The headline shouts, “Genetics is a big reason divorce runs in families.” It is common nowadays to hear that some surprising aspect of human behavior is “heritable.” Often it is said about intelligence, but one also hears it about personality, mental illness, sexual orientation, or even marital status. What does this mean? The word sounds as though it means that behavioral characteristics are passed on from our parents and programmed into our genes somehow, but that isn’t right. Understanding the scientific basis of the concept of heritability will allow you to see that while it is a scientifically meaningful idea, it doesn’t portend either the most miraculous (designer babies!) or horrific (Gattaca!) implications that are often ascribed to it.
History
Evolution and genetics were discovered long before anyone knew anything about DNA. Darwin published The Origin of Species in 1859; the double helix structure of DNA wasn’t worked out until 1953. So over nearly a century, scientists observed the effects of evolution and genetics on the visible characteristics of organisms, with very little understanding of the biological processes that underlie them.
In 1918, the mathematical biologist RA Fisher showed that for a genetically influenced trait like height, there is a relationship between how similar genetically related groups of organisms (I’ll talk about humans here) are to each other, compared to the general population. Identical twins (who are clones), for example, are almost exactly the same height, compared to groups of unrelated people who vary a great deal. Siblings vary more than identical twins, but still less than the general population. Even second cousins are more likely to be similar in height than you and I. Fisher showed how to quantify this relationship into a statistic that varied from zero (for traits where genetic relatedness made no difference) to one (for traits where variability was a perfect function of genetic relatedness). Fisher worked out the math but didn’t name the statistic. Twenty years later, an animal geneticist named Jay Lush named this quantity “heritability,” and showed that it was an important parameter for understanding selective breeding of plants and animals on the farm. All of this is the basis of what is called “quantitative genetics” today.
In humans as opposed to farm animals, heritability coefficients have been estimated in two different ways. The first approach, as suggested above, was to use twins. Identical twins are clones; fraternal twins are siblings who share 50% of the DNA they inherit from their parents. To the extent some characteristic of identical twins, like height or personality, is more similar in identical as compared to fraternal twins, it is an indication of heritability.
Twin studies were developed before the discovery of DNA. Nowadays, scientists can collect DNA from hundreds of thousands of people and use the same logic as twin studies to estimate heritability using unrelated people. We are all related, after all, some of us more closely than others. If pairs of people who happen to share more DNA are also more similar in their behavioral characteristics, the trait is heritable.
What Happened
When behavioral scientists first started conducting twin studies, they targeted the obvious human behavioral differences: intelligence, personality, and mental illness. Identical twins were more similar for all of them, leading to the conclusion that they were all heritable. In the late twentieth century, the world of human behavior seemed to be turning out to be far more genetic than anyone had imagined, promising either a great future of genetic understanding or a dystopian nightmare of genetic control.
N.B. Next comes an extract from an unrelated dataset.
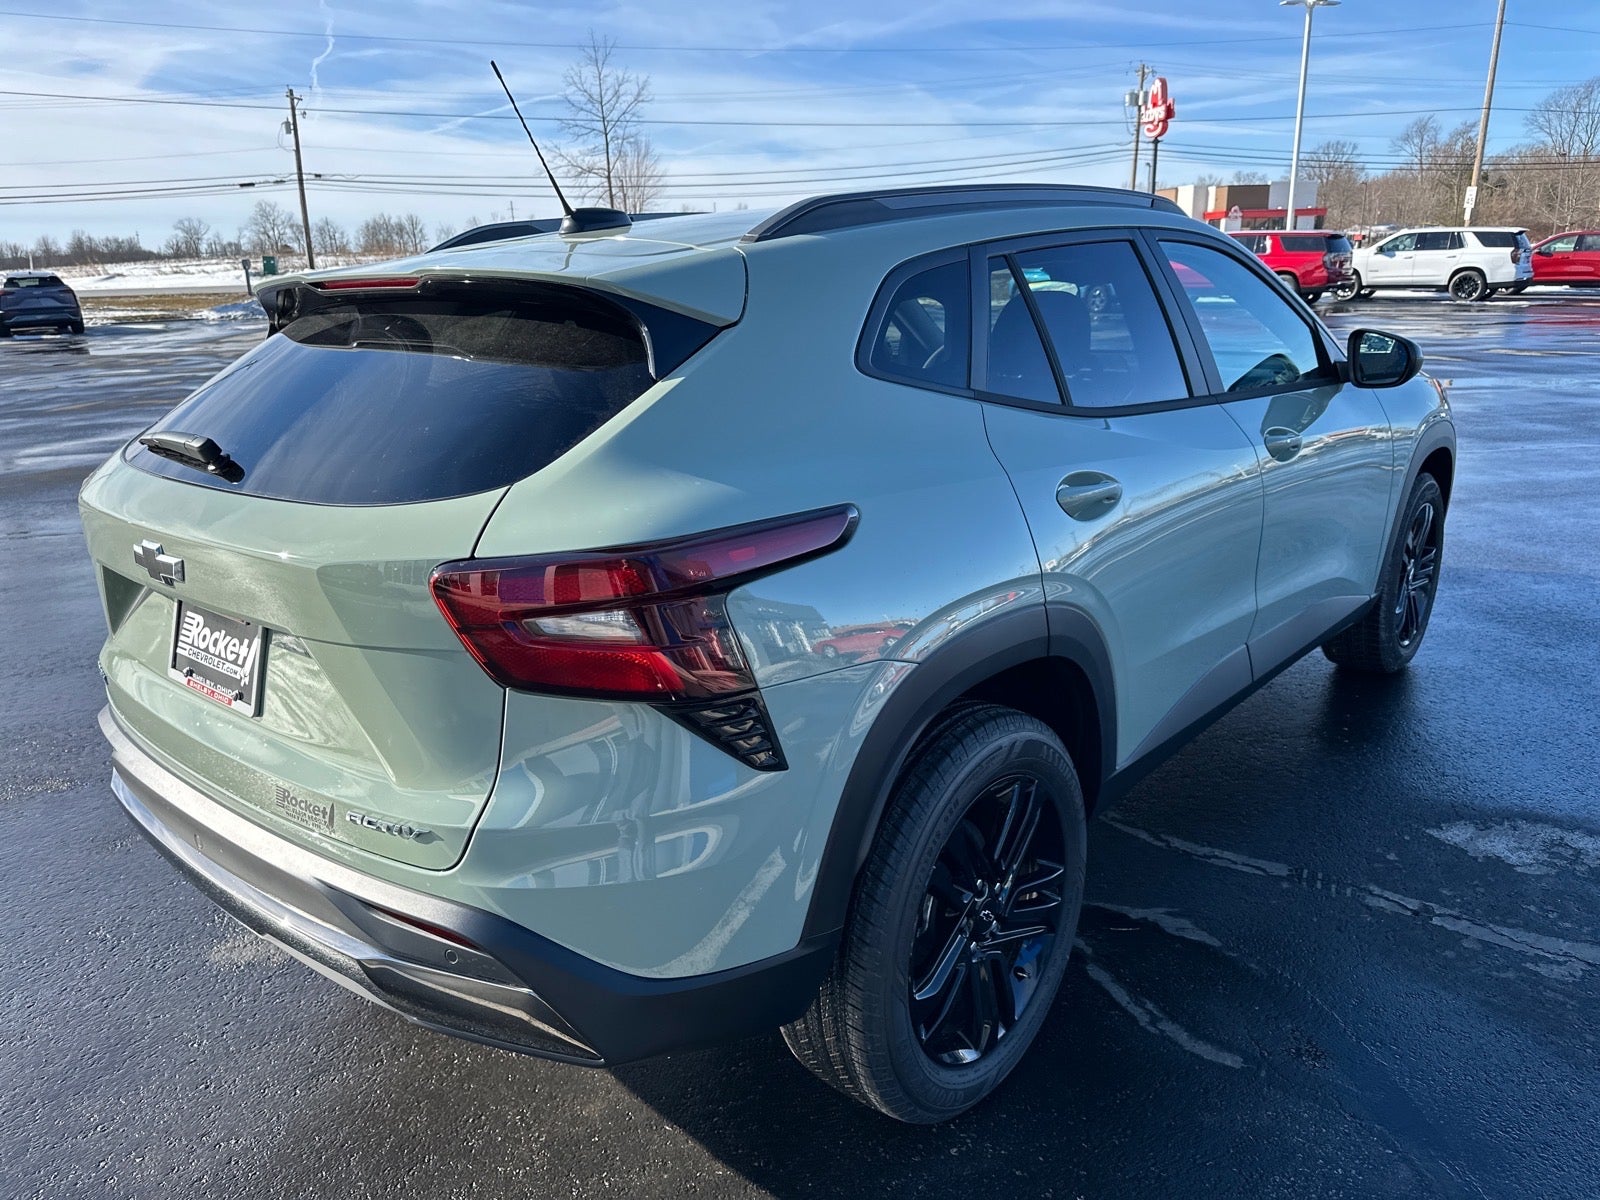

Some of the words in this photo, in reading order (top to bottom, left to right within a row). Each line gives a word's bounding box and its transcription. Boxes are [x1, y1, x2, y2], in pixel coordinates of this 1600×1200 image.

But then a funny thing happened. Having run out of obvious behavioral characteristics to study, scientists turned to not so obvious ones, like divorce and how much television people watch, and they turned out to be just as heritable as intelligence and mental illness. In 2000, I named this outcome “The First Law of Behavior Genetics:” Everything is heritable, and that means literally everything. If a behavior can be reliably measured in human beings, differences in the trait will be heritable.
The same has turned out to be true for heritability estimated from DNA in unrelated people. This turned out to be harder than was originally imagined; hundreds of thousands of people are required to do it well. The heritabilities estimated this way are generally lower than those estimated with twins, sometimes much lower, but they are still greater than zero.
What Heritability Means, and What it Doesn’t
Since RA Fisher, scientists have wanted heritability coefficients to be a measure of “how genetic” a trait is. They don’t. The classic example is having two arms. Heritability is not about the question, “Why do people have two arms?” the answer to which certainly involves genes. Heritability answers the question, “Why do some people have fewer arms than others?” The answer to that question involves mostly congenital disease and accidents. As a result, the heritability of having two arms is zero. Below, I list some do’s and don’ts on the meaning of heritability. One list will be longer than the other.
Does mean: Genes are a reason people differ. This is the most general meaning. If we were all more alike genetically, ultimately if we were all clones, we would be less varied in our characteristics, including pretty much everything.
Doesn’t mean: There are “genes for” behavioral differences. The fact that how much coffee you drink is heritable doesn’t imply that there are “genes for” coffee drinking. The same technology that allows us to use DNA to estimate heritability also allows us to search for specific genetic causes of human behavioral differences. Once you take into account the genes with large negative effects that have been known for a long time, like Huntington’s Disease, there is nothing.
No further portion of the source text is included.